INSTRUCTIONS TO FOLLOW:
A faithful repeat of all the records, with no image kept, is the required answer.

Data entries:
···

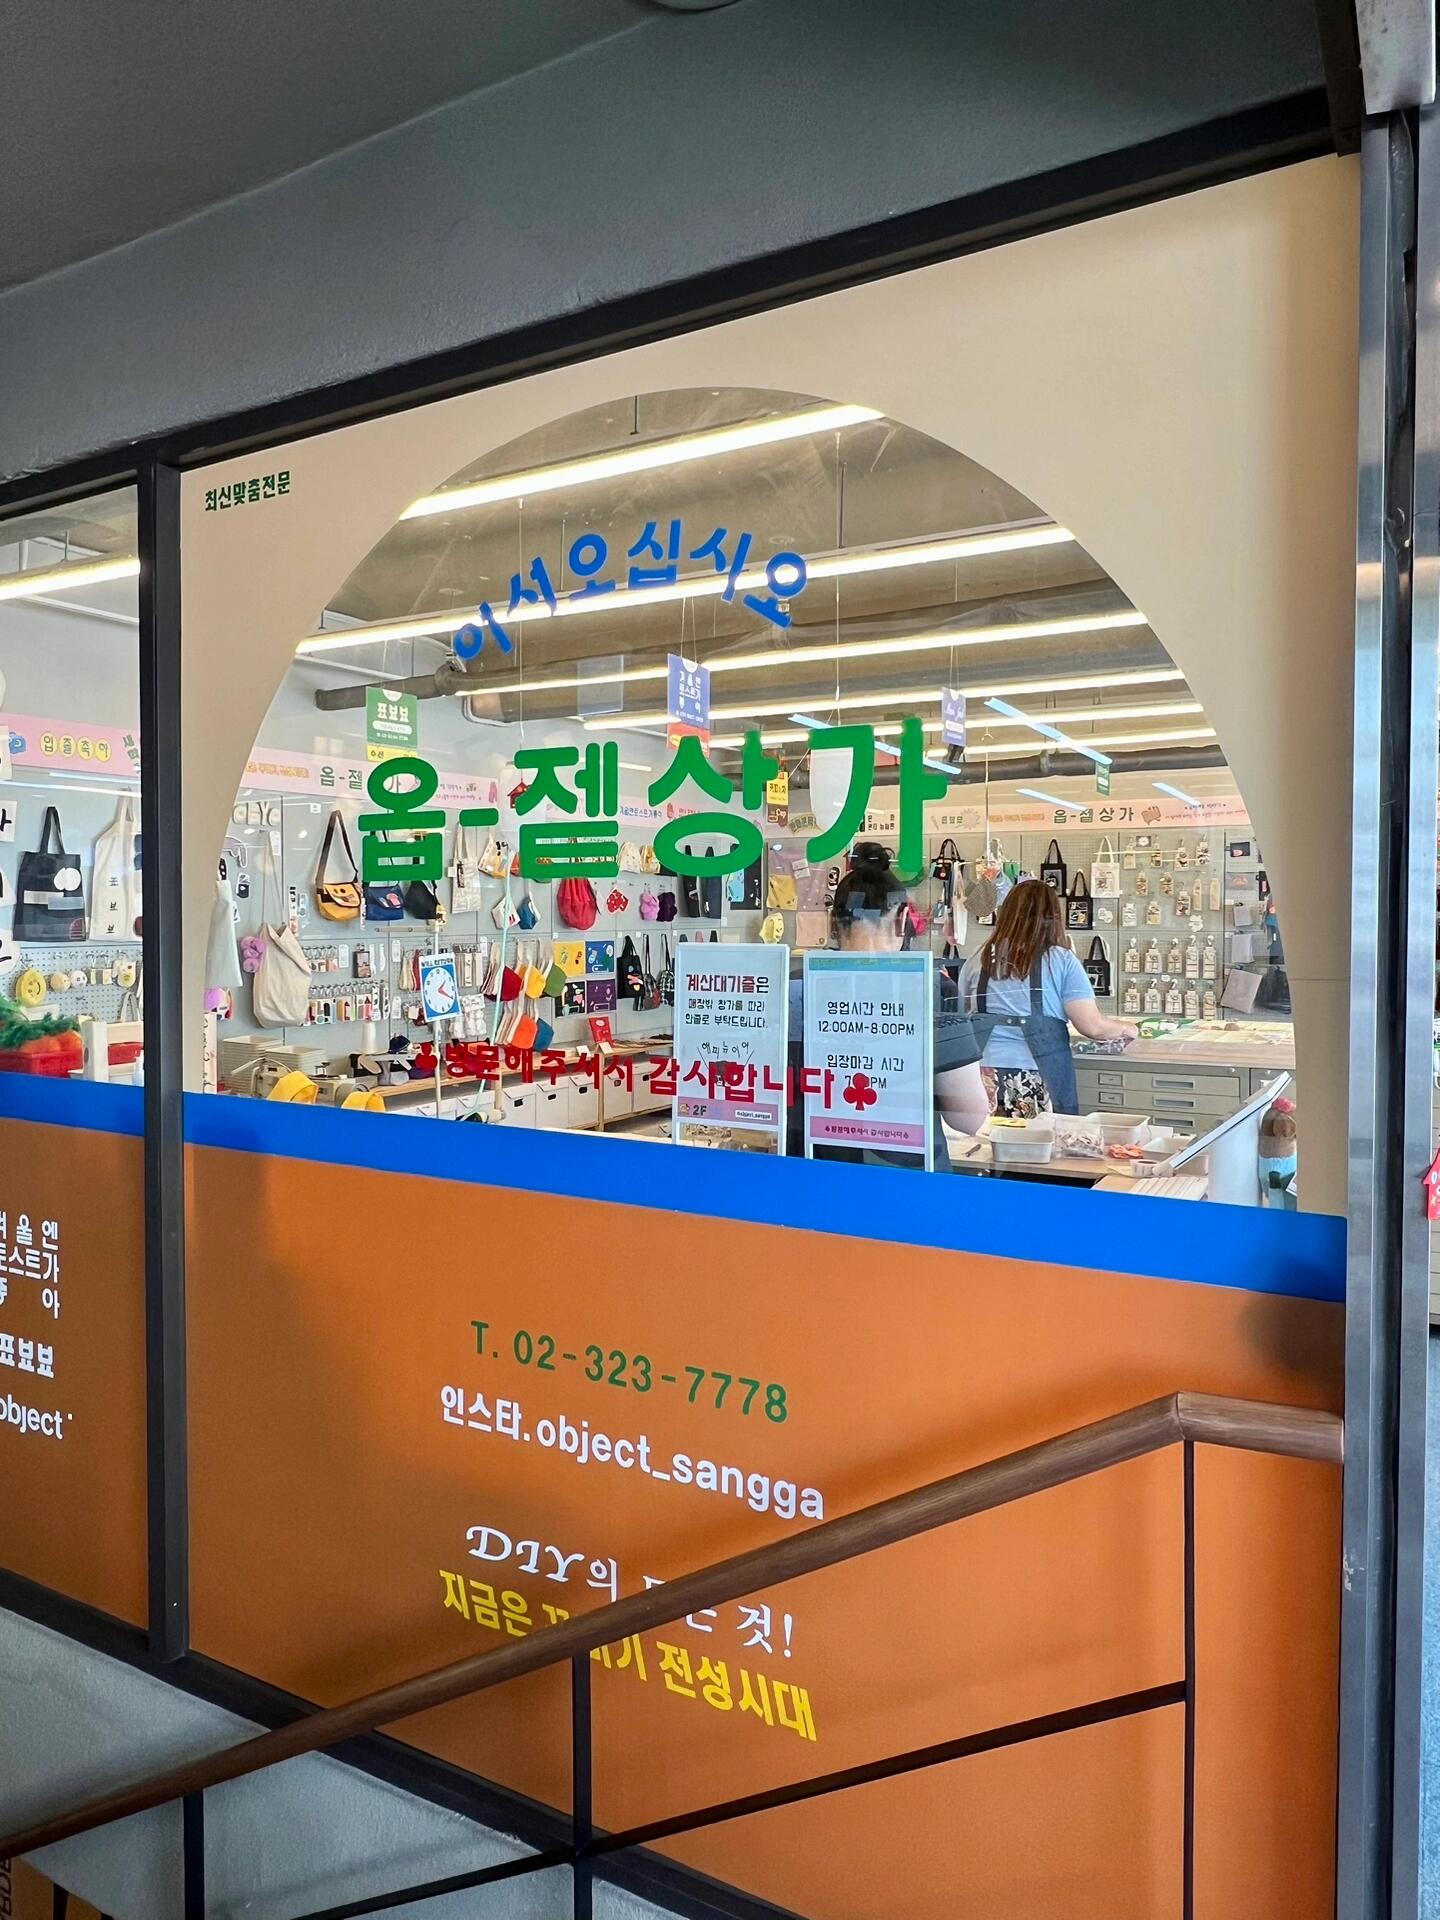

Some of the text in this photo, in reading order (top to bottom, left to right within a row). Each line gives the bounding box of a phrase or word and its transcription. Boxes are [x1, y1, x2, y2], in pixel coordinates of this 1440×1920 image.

[205, 471, 290, 511] 최신맞춤전문
[686, 974, 769, 994] 계산대기줄은
[718, 999, 744, 1011] 창가를
[827, 1001, 904, 1017] 영업시간 안내
[685, 1013, 769, 1029] 한줄로 부탁드립니다.
[818, 1020, 915, 1036] 12:00AM-8:00PM
[827, 1054, 905, 1072] 입장마감 시간
[648, 1055, 835, 1110] 감사합니다
[692, 1104, 707, 1116] 2F
[470, 1320, 787, 1424] T. 02-323-7778
[440, 1385, 824, 1520] 인스타.object_sangga
[465, 1525, 617, 1603] DIY의
[736, 1603, 793, 1658] 것!
[439, 1569, 533, 1638] 지금은
[655, 1640, 818, 1743] 전성시대
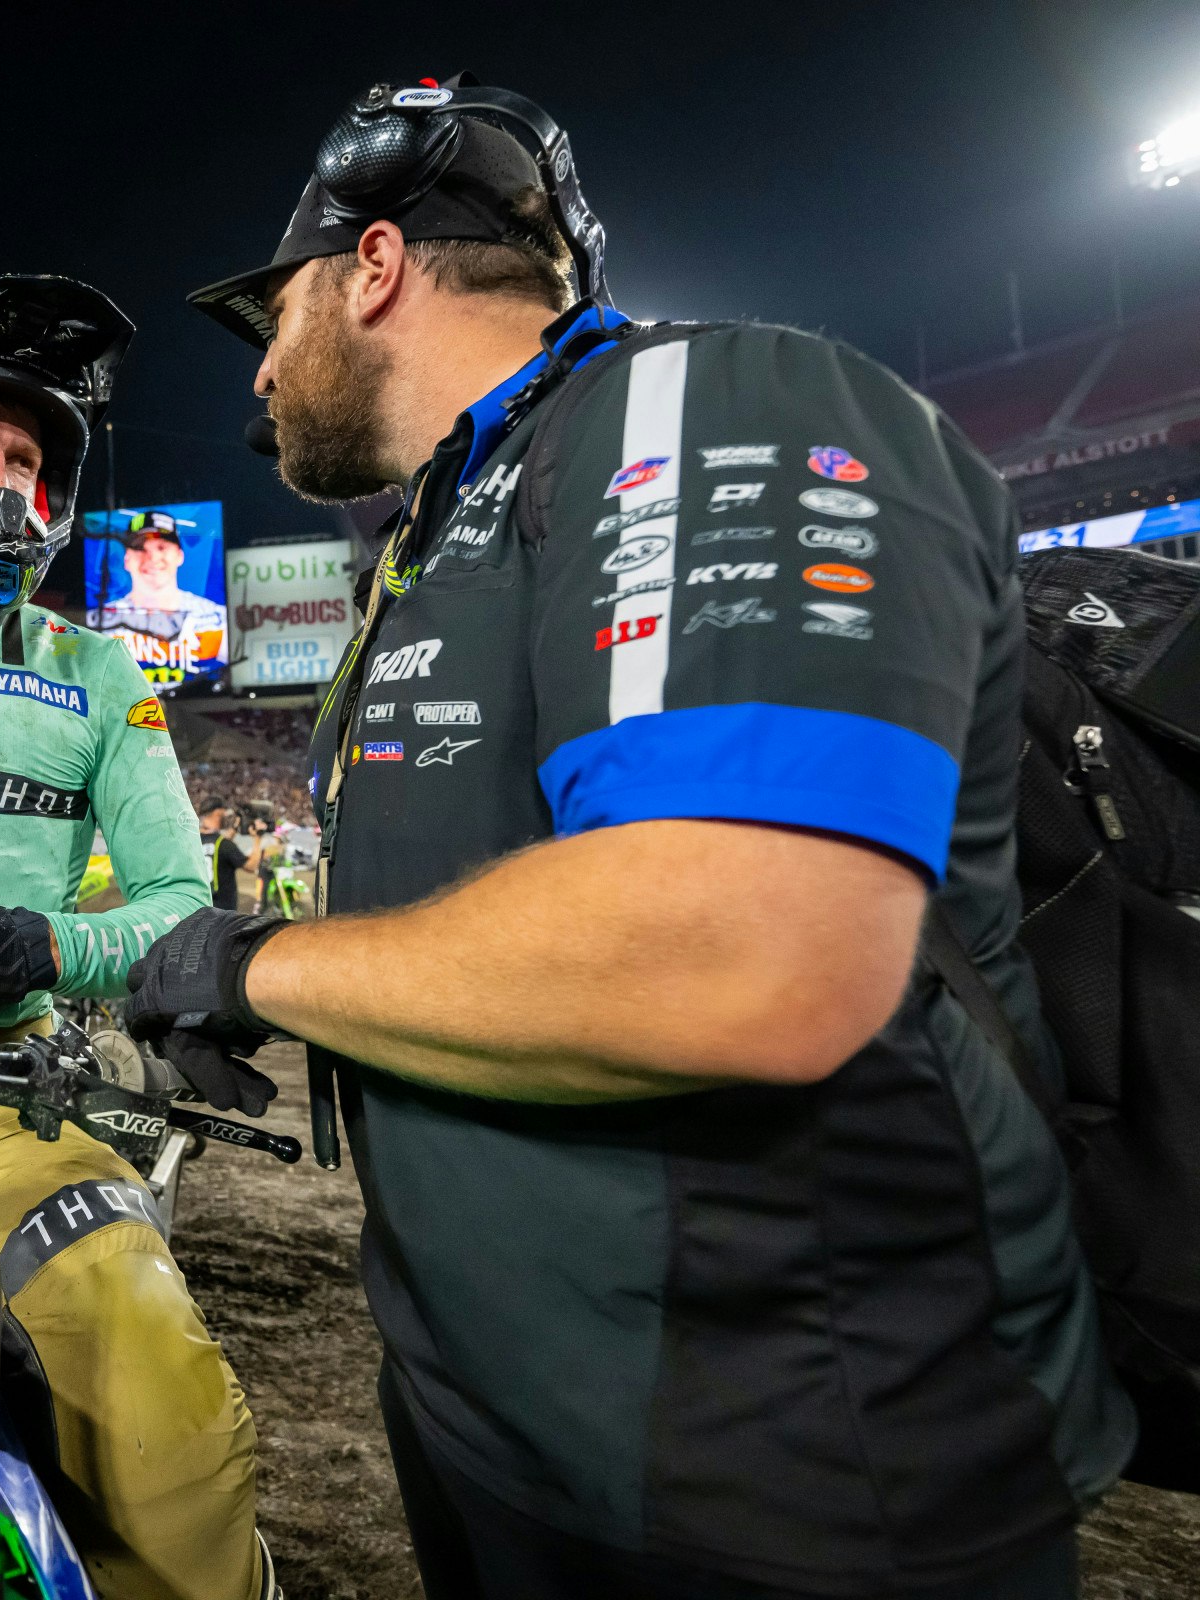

···

WRITTEN RESPONSE:
Some of the text in this photo, in reading order (top to bottom, left to right within a row). Each line gives the bounding box of a phrase or word and its transcription. Boxes are [x1, y1, x2, y2], in pixel coordinates of this 1440×1920 image.

[205, 471, 290, 511] 최신맞춤전문
[686, 974, 769, 994] 계산대기줄은
[718, 999, 744, 1011] 창가를
[827, 1001, 904, 1017] 영업시간 안내
[685, 1013, 769, 1029] 한줄로 부탁드립니다.
[818, 1020, 915, 1036] 12:00AM-8:00PM
[827, 1054, 905, 1072] 입장마감 시간
[648, 1055, 835, 1110] 감사합니다
[692, 1104, 707, 1116] 2F
[470, 1320, 787, 1424] T. 02-323-7778
[440, 1385, 824, 1520] 인스타.object_sangga
[465, 1525, 617, 1603] DIY의
[736, 1603, 793, 1658] 것!
[439, 1569, 533, 1638] 지금은
[655, 1640, 818, 1743] 전성시대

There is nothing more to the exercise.